Io non ero considerato un detenuto ad alto rischio, ma mi ero beccato comunque i miei vent’anni di cella, pena minima per reati come i miei. Il rimarcare in tribunale l’assurdità di considerare reato la manifestazione di un’opinione, poi, non mi aveva aiutato molto. Passai cinque gelidi anni nella nuovissima colonia penale per reati politici stabilita in Islanda, terra isolata e impervia, da cui fuggire era impossibile. E furono anni in cui venni bombardato continuamente di propaganda, a volte urlata, a volte inculcata a manganellate; ma più spesso sussurrata, melliflua e insinuante.
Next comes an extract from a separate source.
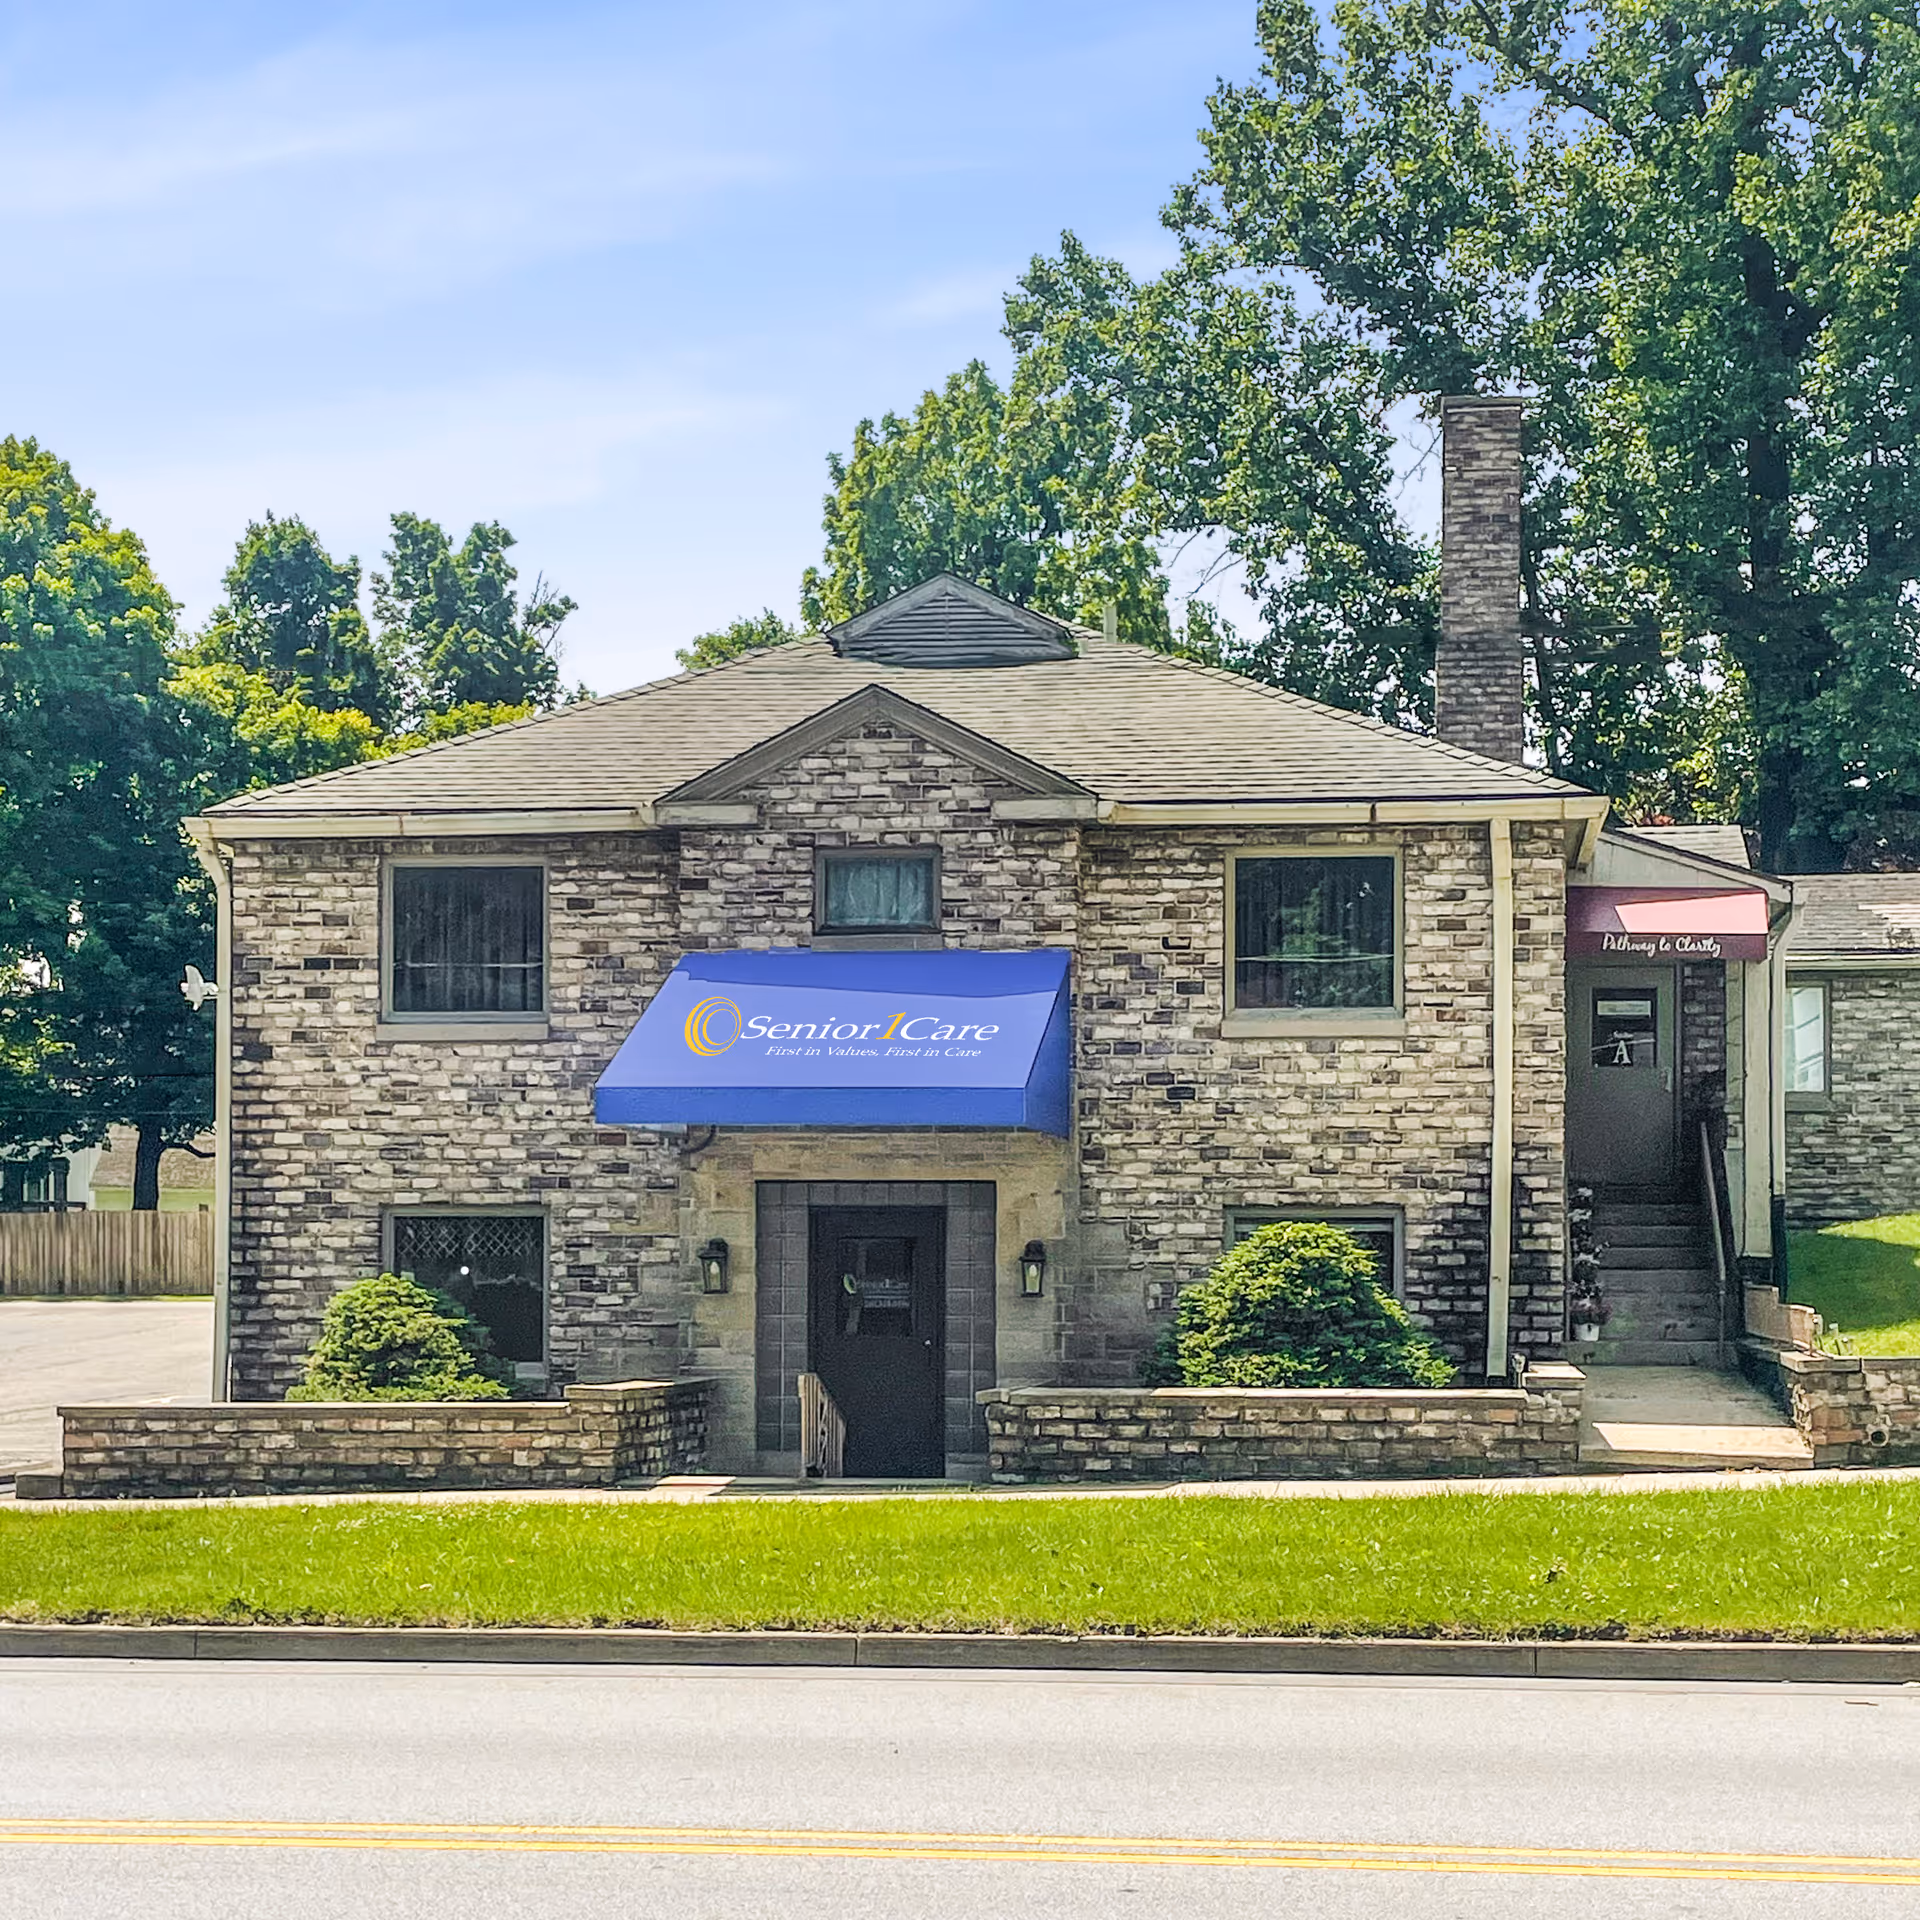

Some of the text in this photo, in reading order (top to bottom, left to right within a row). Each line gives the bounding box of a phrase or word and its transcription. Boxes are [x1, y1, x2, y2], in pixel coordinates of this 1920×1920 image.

Il regime carcerario non tendeva a recuperare i detenuti a una vita genericamente rispettosa della legalità, ma tendeva solo ad annullarli, a renderli pecore, o meglio perfetti cittadini della Nuova Repubblica. Io quello non lo sarei mai stato, era qualcosa di troppo alieno al mio sentire, e cercai allora di non farmi notare da chi tra i carcerieri cercava i riottosi, o forse solo un motivo per picchiare qualcuno. Tenni un profilo basso, volevo essere invisibile, anche perché nessun assembramento o nessuna manifestazione di dissenso era tollerata. Un giorno un funzionario particolarmente viscido, stempiatello e con spessi occhialetti da miope mi propose la cancellazione del resto della mia pena se fossi stato disponibile a “supervisionare l’attività di estrazione di minerali presso una base di produzione nelle colonie”. Accettai subito. Il pensiero di ridurre di dieci anni la pena era troppo allettante, anzi ero contento perché la mia tattica del basso profilo aveva portato frutto. Il minerale, seppi dopo, era cadmio, e la base di produzione presso l’asteroide Cletus, nella Cintura di Asteroidi oltre Marte. Una base completamente automatizzata. Cinque anni da solo nello spazio.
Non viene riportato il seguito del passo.